EXERCISE AIM
Type out the listing below exactly. Pictures stay out of it.

EXTRACTED MATERIAL
• • • • • • •
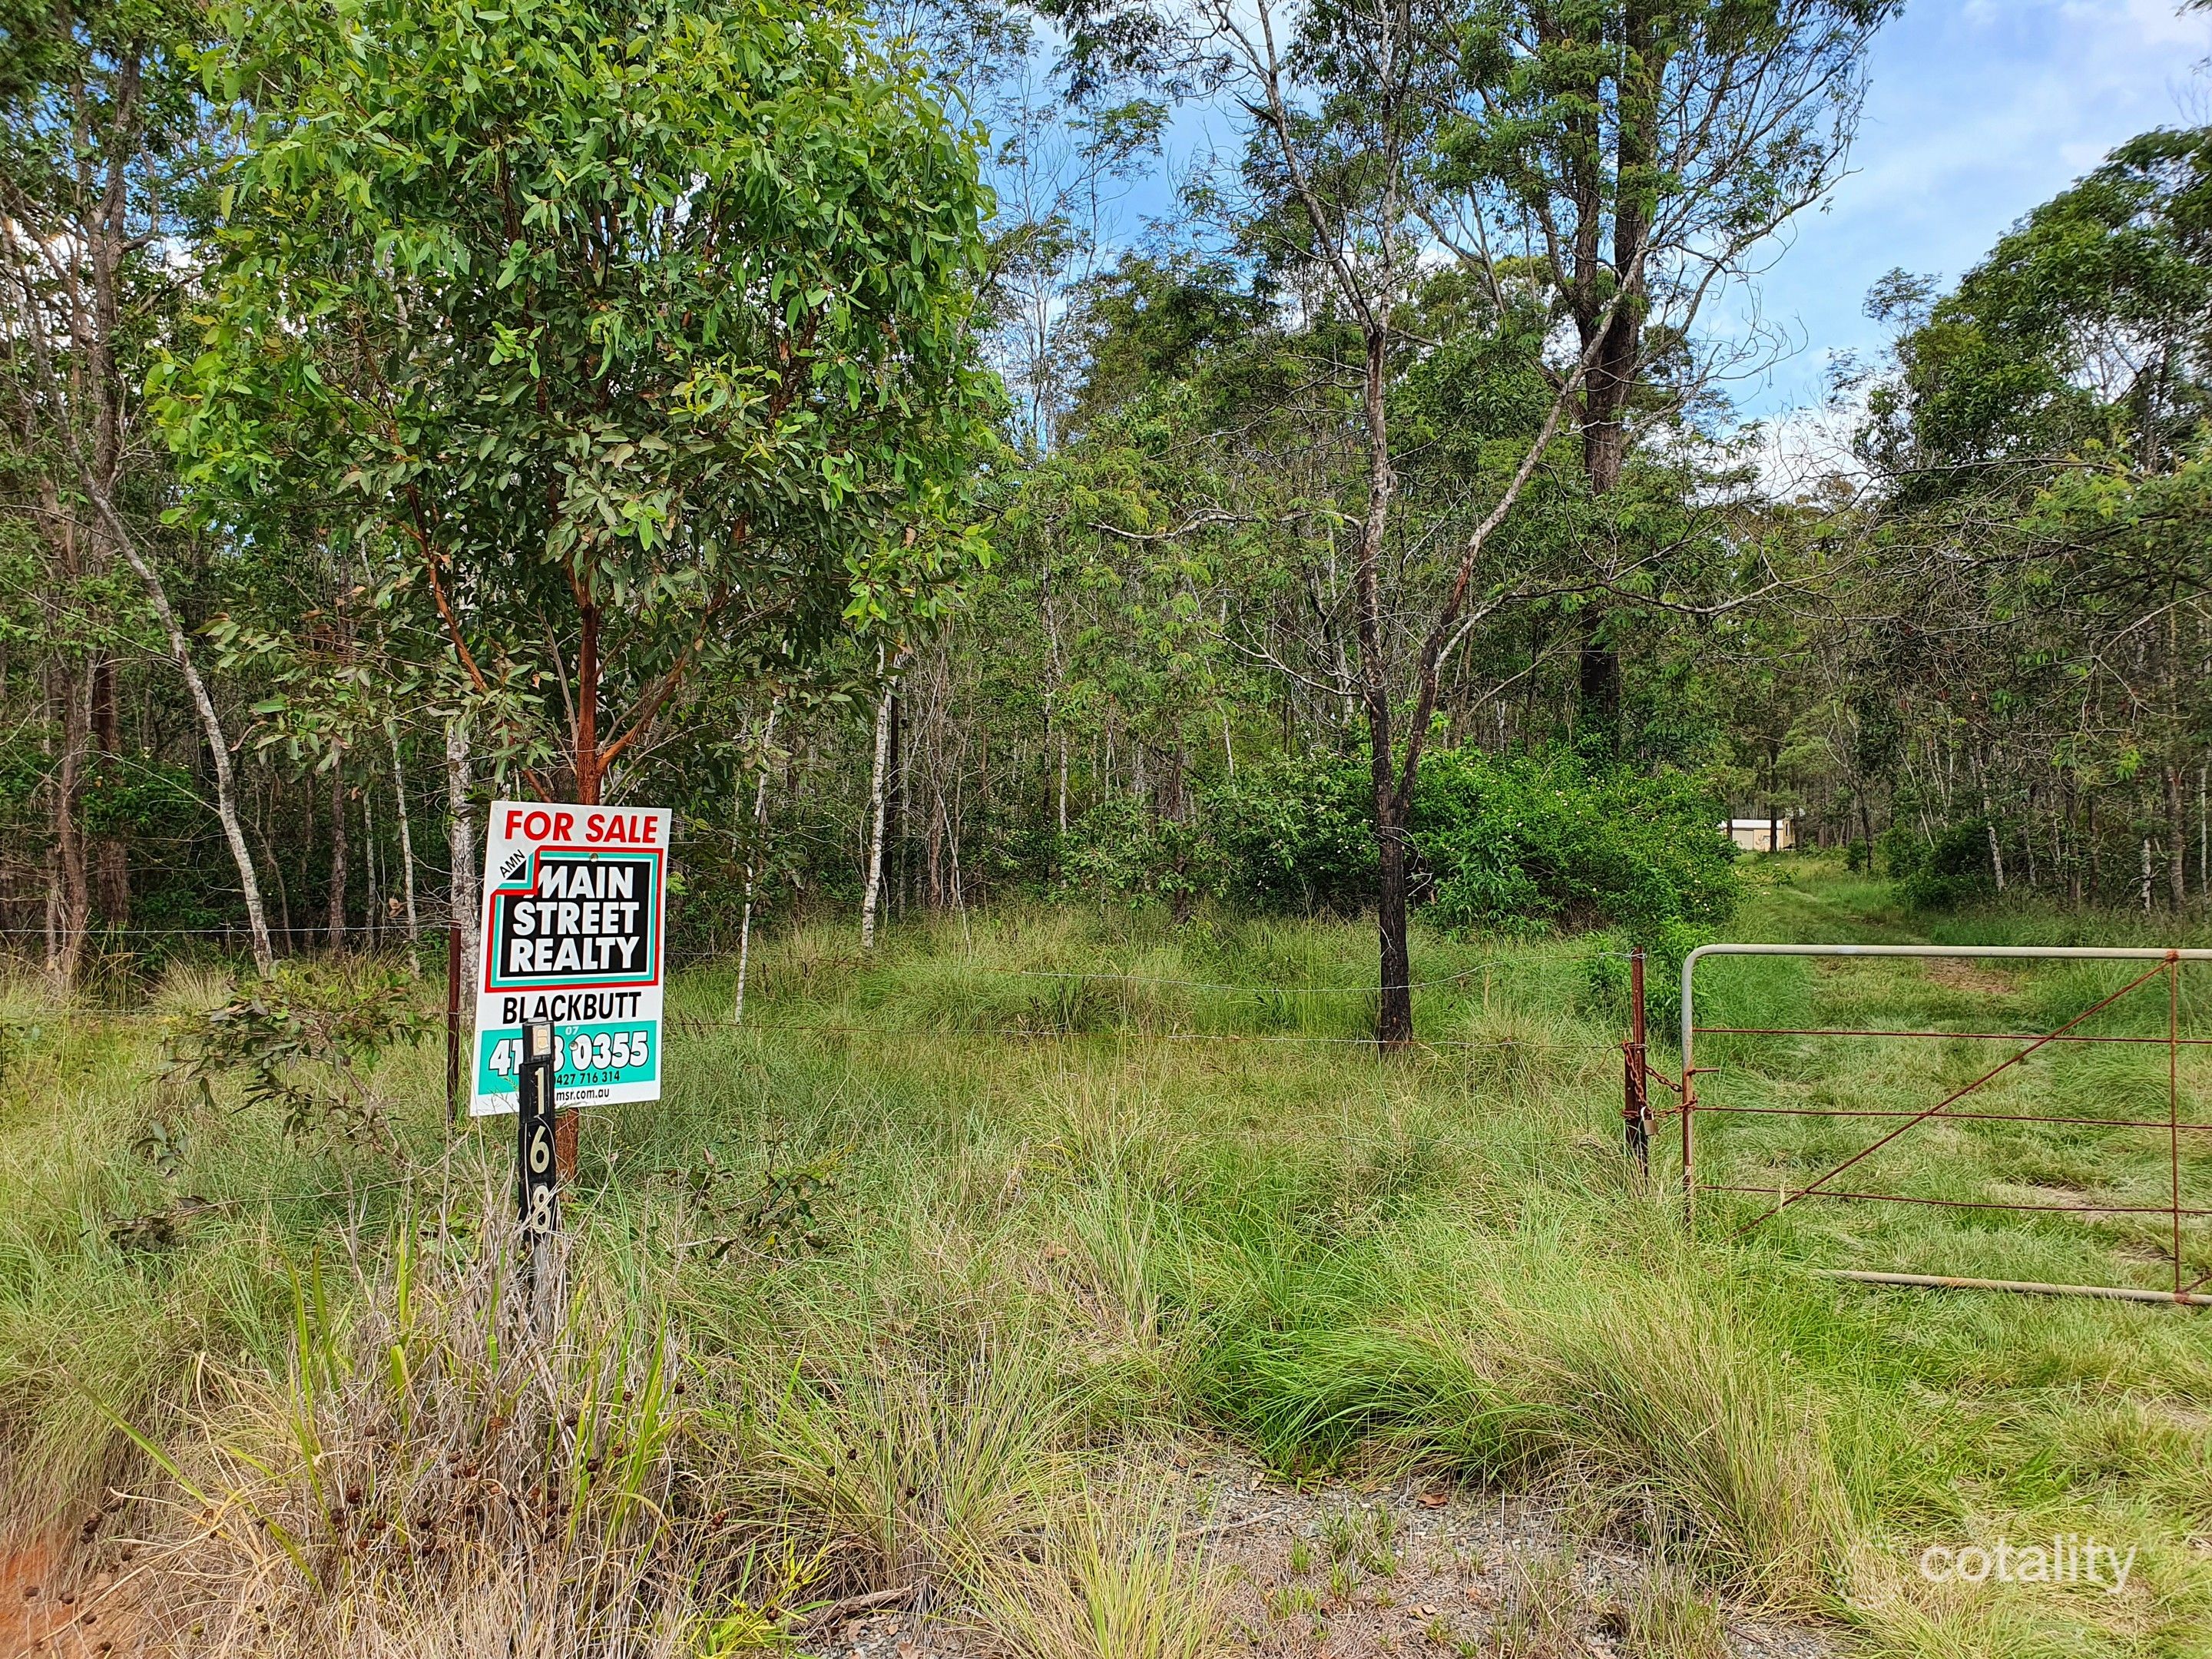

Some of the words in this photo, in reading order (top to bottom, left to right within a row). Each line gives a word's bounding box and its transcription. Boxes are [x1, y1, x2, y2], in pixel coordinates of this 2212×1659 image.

[505, 810, 574, 841] FOR
[585, 814, 658, 843] SALE
[500, 849, 525, 878] AMN
[524, 866, 634, 899] MAIN
[512, 902, 639, 935] STREET
[509, 936, 640, 972] REALTY
[502, 992, 641, 1024] BLACKBUTT
[565, 1025, 579, 1035] 07
[488, 1035, 565, 1077] 413
[570, 1030, 649, 1071] 0355
[554, 1073, 576, 1085] 427
[580, 1072, 598, 1084] 716
[602, 1071, 620, 1082] 314
• • • • • • •
RESPONSE AREA
Some of the words in this photo, in reading order (top to bottom, left to right within a row). Each line gives a word's bounding box and its transcription. Boxes are [x1, y1, x2, y2], in pixel coordinates of this 2212×1659 image.

[505, 810, 574, 841] FOR
[585, 814, 658, 843] SALE
[500, 849, 525, 878] AMN
[524, 866, 634, 899] MAIN
[512, 902, 639, 935] STREET
[509, 936, 640, 972] REALTY
[502, 992, 641, 1024] BLACKBUTT
[565, 1025, 579, 1035] 07
[488, 1035, 565, 1077] 413
[570, 1030, 649, 1071] 0355
[554, 1073, 576, 1085] 427
[580, 1072, 598, 1084] 716
[602, 1071, 620, 1082] 314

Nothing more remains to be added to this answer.